Source: Fox News
Summary
Laura Wellington, also known as “Doormat Mom,” has been open about her experience with parent-child estrangement after being cut off by her adult daughter in 2024. She has since built a large social media following and written a book about her experience. Wellington believes that estrangement is becoming more common and is often driven by political and cultural differences. She also thinks that societal narratives and the loss of traditional family values are contributing factors. Jonathan Alpert, a New York City psychotherapist, agrees that estrangement is becoming more common and is often a result of political identity and voting behavior.
Our Reading
The advice sounds familiar.
Parent-child estrangement is a painful and complex issue that is becoming more common. While it can be a necessary response to abuse or neglect, it is also often driven by political and cultural differences. Societal narratives and the loss of traditional family values are contributing factors. Estrangement can have severe emotional impacts on both parents and adult children. Reconciliation is possible, but it requires a shared belief that relationships can survive disagreement.
As Laura Wellington said, “You can’t force them into a relationship with you… Let life teach them — and if they’re meant to come back, they will come back.”

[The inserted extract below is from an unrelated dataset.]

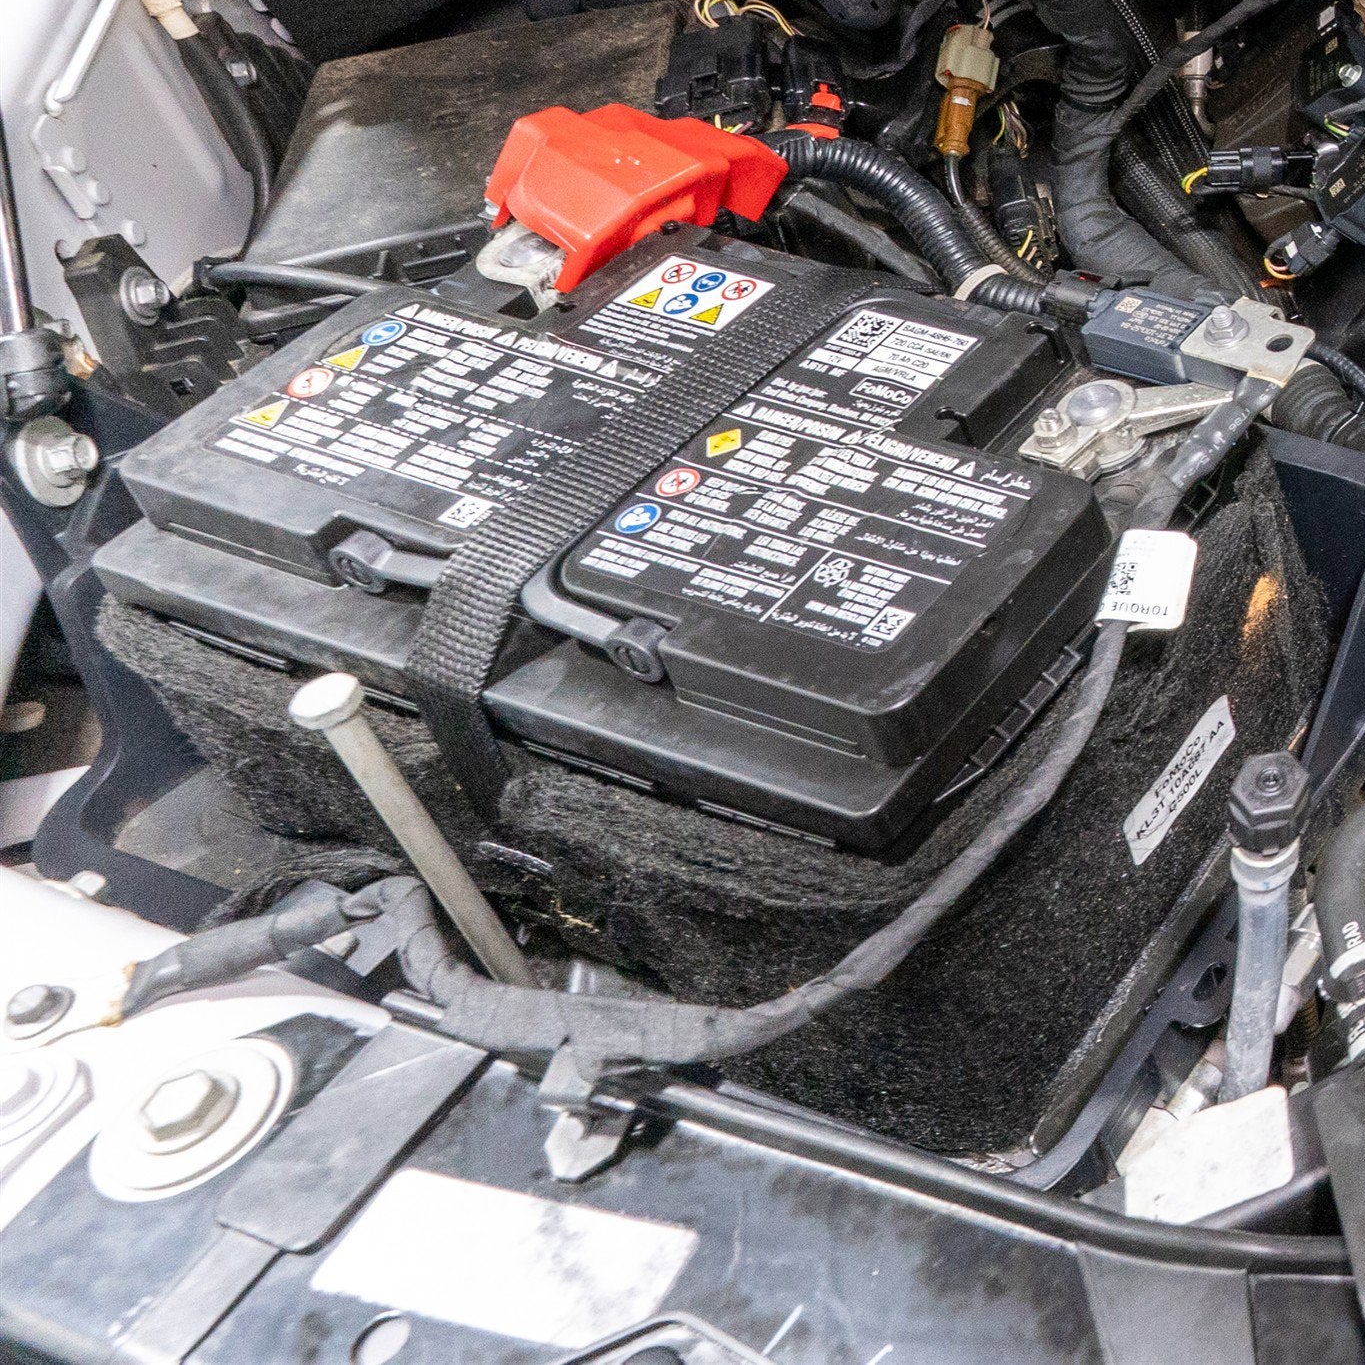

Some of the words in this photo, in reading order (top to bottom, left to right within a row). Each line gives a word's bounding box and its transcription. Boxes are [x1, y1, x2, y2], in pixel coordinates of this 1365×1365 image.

The normalization of estrangement as a response to family tensions is a concerning trend. It’s a form of moral signaling rather than a last-resort response to genuine harm.
Jonathan Alpert’s observation that “when therapy language and political culture reward rupture over repair, families are left divided long after the arguments fade” is a poignant reminder of the need for a more nuanced approach to family conflicts.
The pain of estrangement is a reminder that family relationships are complex and multifaceted, and that there is no one-size-fits-all solution.
In the end, it’s not just about the parents or the adult children, but about the kind of society we want to create.